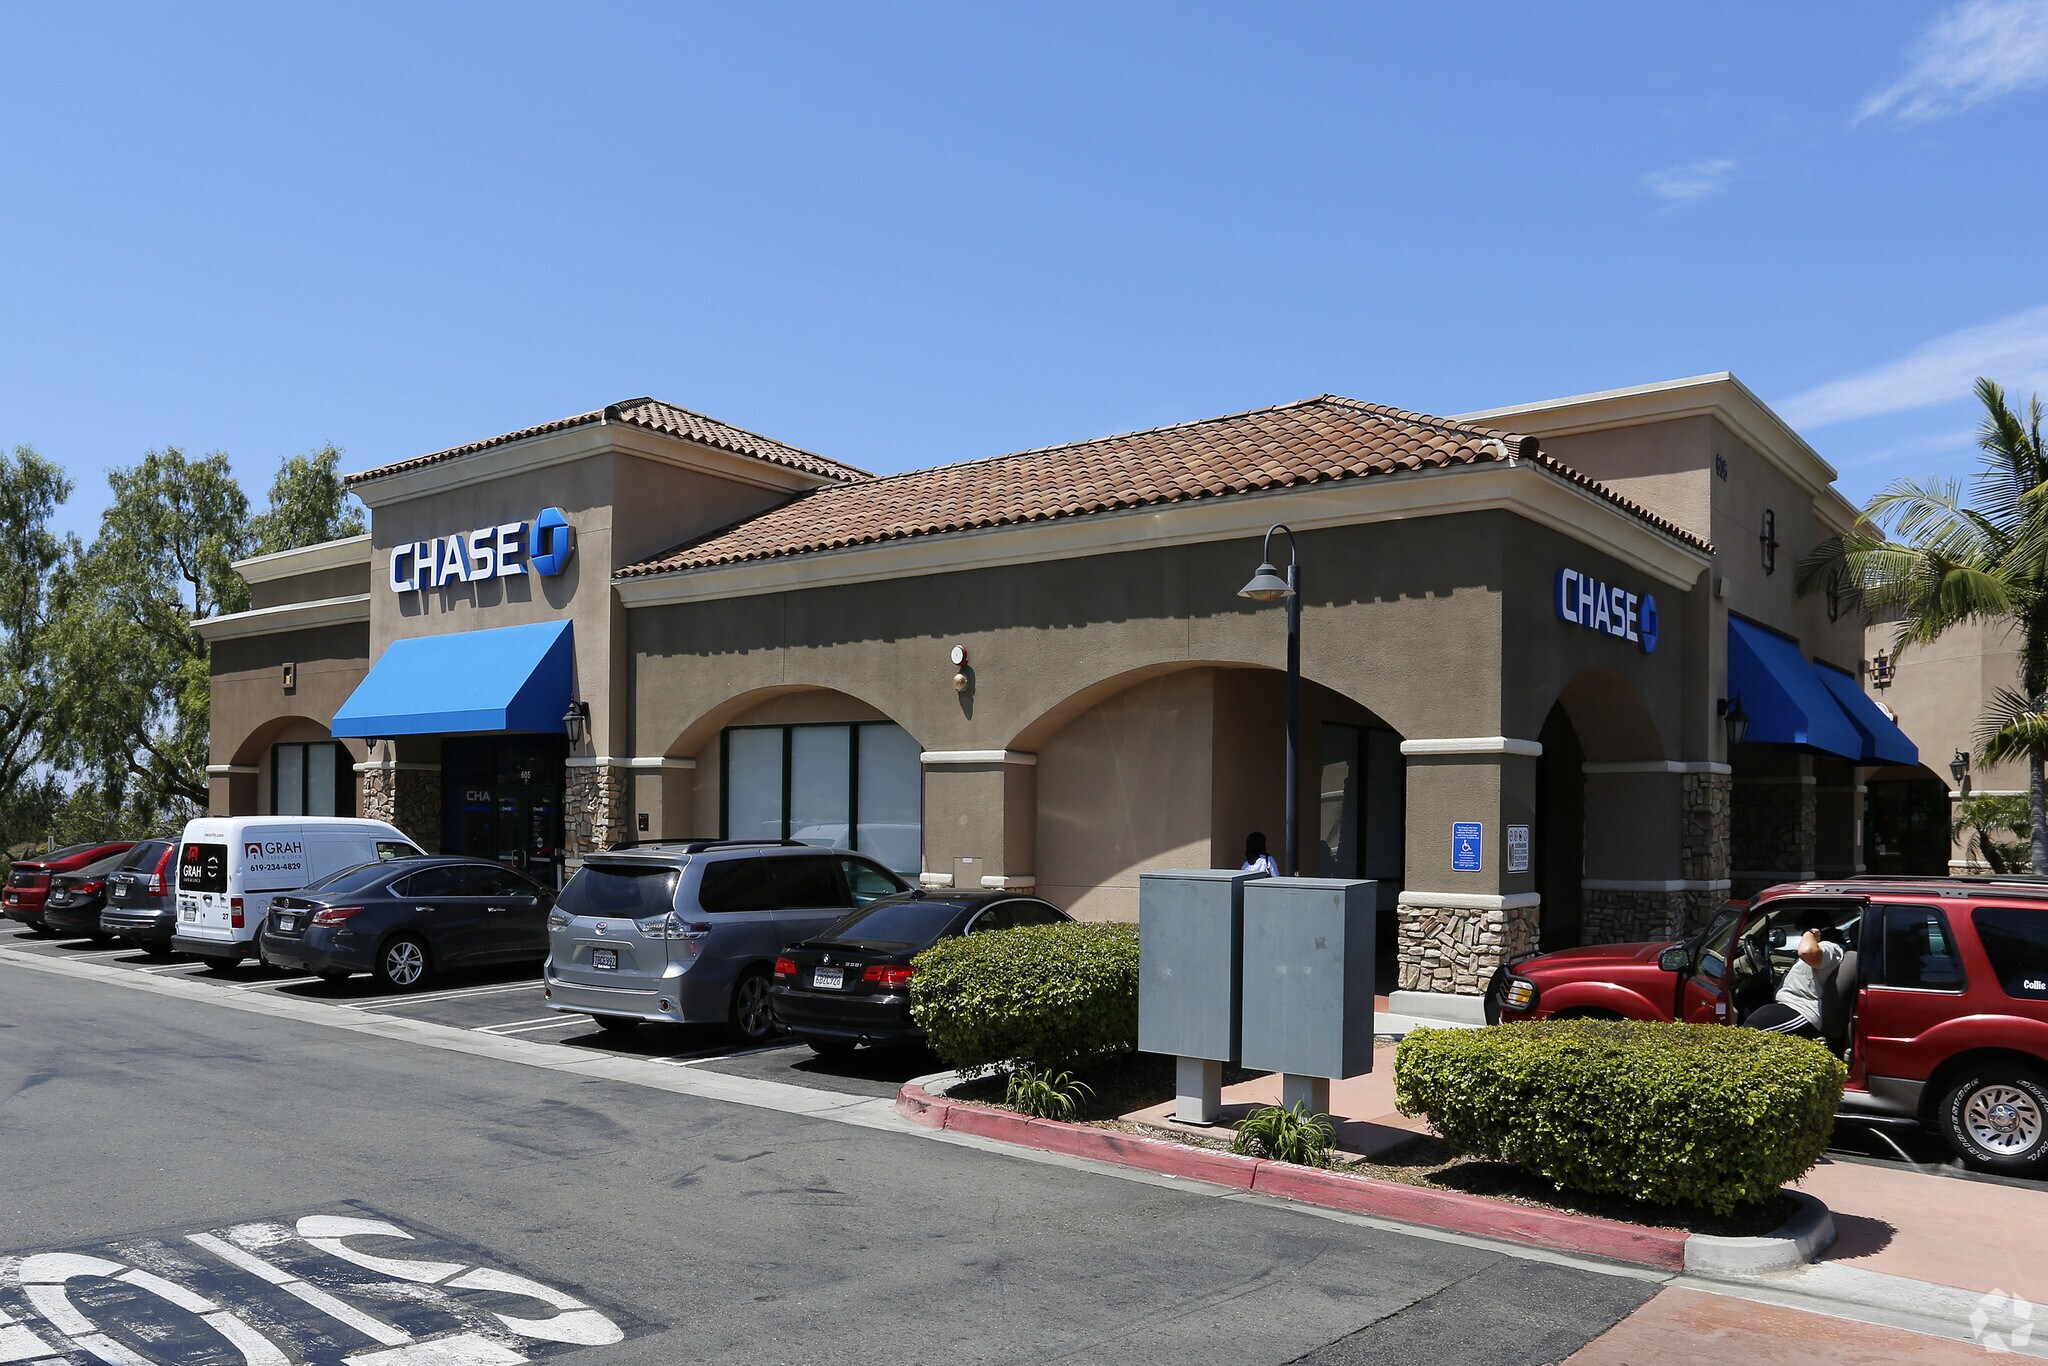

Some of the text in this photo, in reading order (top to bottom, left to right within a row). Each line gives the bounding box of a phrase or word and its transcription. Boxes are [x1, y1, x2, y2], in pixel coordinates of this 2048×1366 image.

[1716, 454, 1728, 482] 605
[389, 521, 526, 593] CHASE
[1560, 567, 1639, 643] CHASE
[520, 771, 531, 779] 605
[265, 842, 302, 854] GRAH
[183, 865, 202, 878] GRAH
[250, 862, 301, 872] 619-234-4829
[2023, 979, 2046, 990] Collie
[1140, 1136, 1168, 1146] NO
[1173, 1143, 1254, 1162] PARKING
[1270, 1160, 1314, 1172] FIRE

○ ○ ○ ○ ○

#### Problem details:
Working from the material above, transcribe it exactly while omitting pictures.

#### Output for this exercise:
Some of the text in this photo, in reading order (top to bottom, left to right within a row). Each line gives the bounding box of a phrase or word and its transcription. Boxes are [x1, y1, x2, y2], in pixel coordinates of this 2048×1366 image.

[1716, 454, 1728, 482] 605
[389, 521, 526, 593] CHASE
[1560, 567, 1639, 643] CHASE
[520, 771, 531, 779] 605
[265, 842, 302, 854] GRAH
[183, 865, 202, 878] GRAH
[250, 862, 301, 872] 619-234-4829
[2023, 979, 2046, 990] Collie
[1140, 1136, 1168, 1146] NO
[1173, 1143, 1254, 1162] PARKING
[1270, 1160, 1314, 1172] FIRE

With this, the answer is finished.